14 Sep, 2012

Tax cuts could help startup businesses

14 Sep, 2012

Former conservative minister Liam Fox said in an interview in today’s Times newspaper that he favoured cutting capital gains tax to boost the UK economy. Fox is quoted as wanting the government to suspend capital gains tax for three years, and thereafter to re-introduce it at a lower rate.

Serial UK tech entrepreneur Dan Wagner, Chairman and CEO of mPowa, who has built four globally leading tech enterprises the first of which sold to Thomson Reuters for half a billion dollars, and who has recently launched another tech startup, has for some time advocated lowering or suspending capital gains tax, specifically on investments in startup businesses.

Dan Wagner said: “Suspending capital gains tax for those investing in startup companies would instantly unlock billions of potential investment from abroad and help it flow to Britain, boosting the UK economy, helping businesses grow and creating hundreds if not thousands of new jobs.”

Dan asserts that he is not advocating the abolition of capital gains tax. “This needs to be a focused and targeted policy to help businesses grow at the crucial and vulnerable stage when they are most in need of backing and support, and yet have least chance of securing it. As an entrepreneur myself with more than twenty-five years of experience in building businesses I know that, unlike in some other business environments such as the US, it is very hard indeed for businesses to find this type of backing in the UK.”

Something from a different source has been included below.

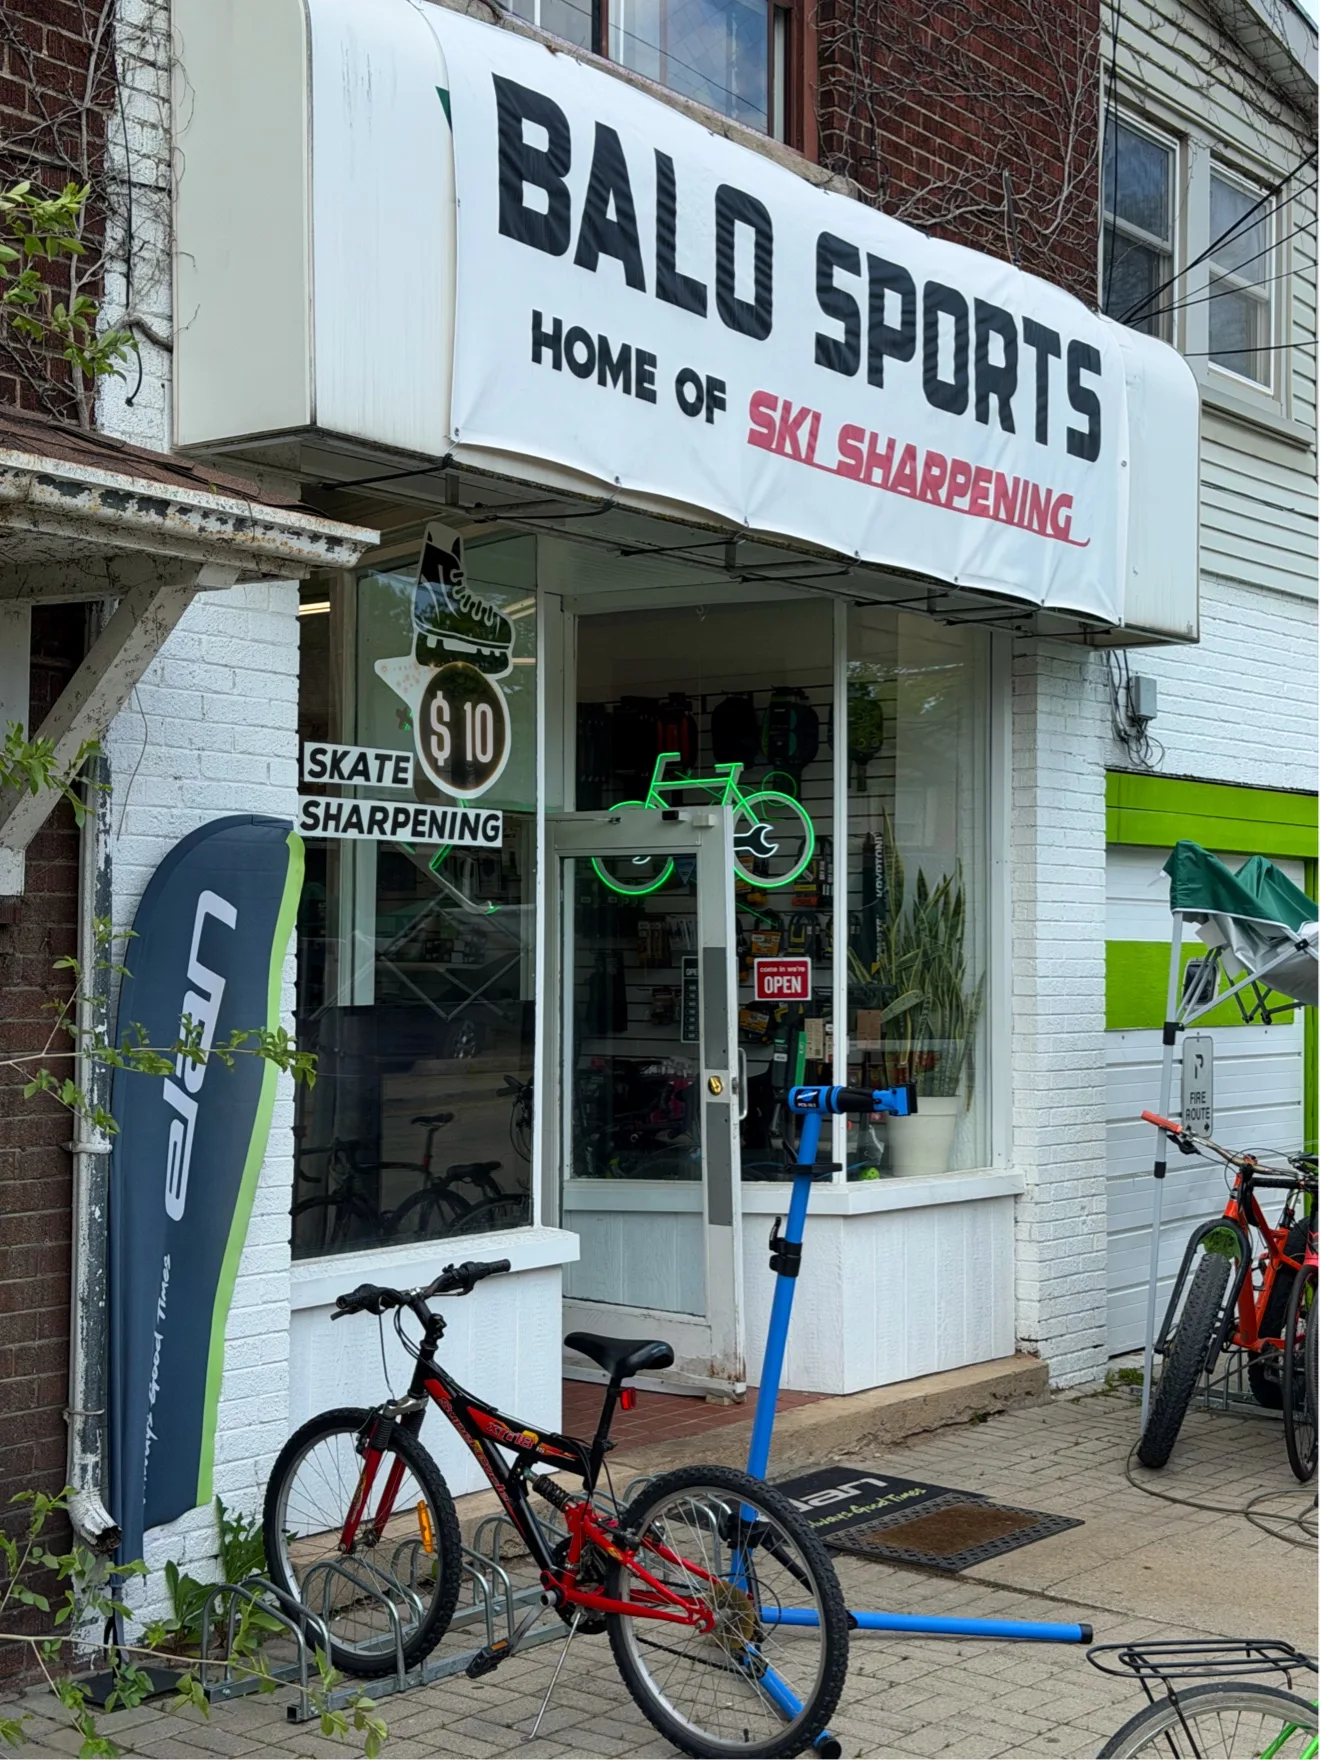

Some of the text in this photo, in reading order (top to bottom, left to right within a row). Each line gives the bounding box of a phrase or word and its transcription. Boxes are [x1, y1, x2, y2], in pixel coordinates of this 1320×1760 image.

Dan continued: “Such a measure makes sense applied to those investing in real live businesses which will produce income and create jobs. It should not be used to exempt gains made from investing in assets only. We do still have a wonderful entrepreneurial spirit in the UK and there are many good business ideas and young entrepreneurs who do not get the funding or support they need. This is a measure that would really help to achieve that. There are also many other ways in which the government could help startup businesses become the engine which will drive tomorrow’s economy and help us all progress in the recession.”

Commenting on some other aspects of Liam Fox’s interview with the Times, Dan continues: “This proposal would be a win-win. It would unlock money, both in the UK and even more importantly from abroad, which would not otherwise be applied and invested in this way. It has nothing to do with cuts to welfare benefits, and I see no reason for these, or for linking these to this eminently sensible business-led proposal.”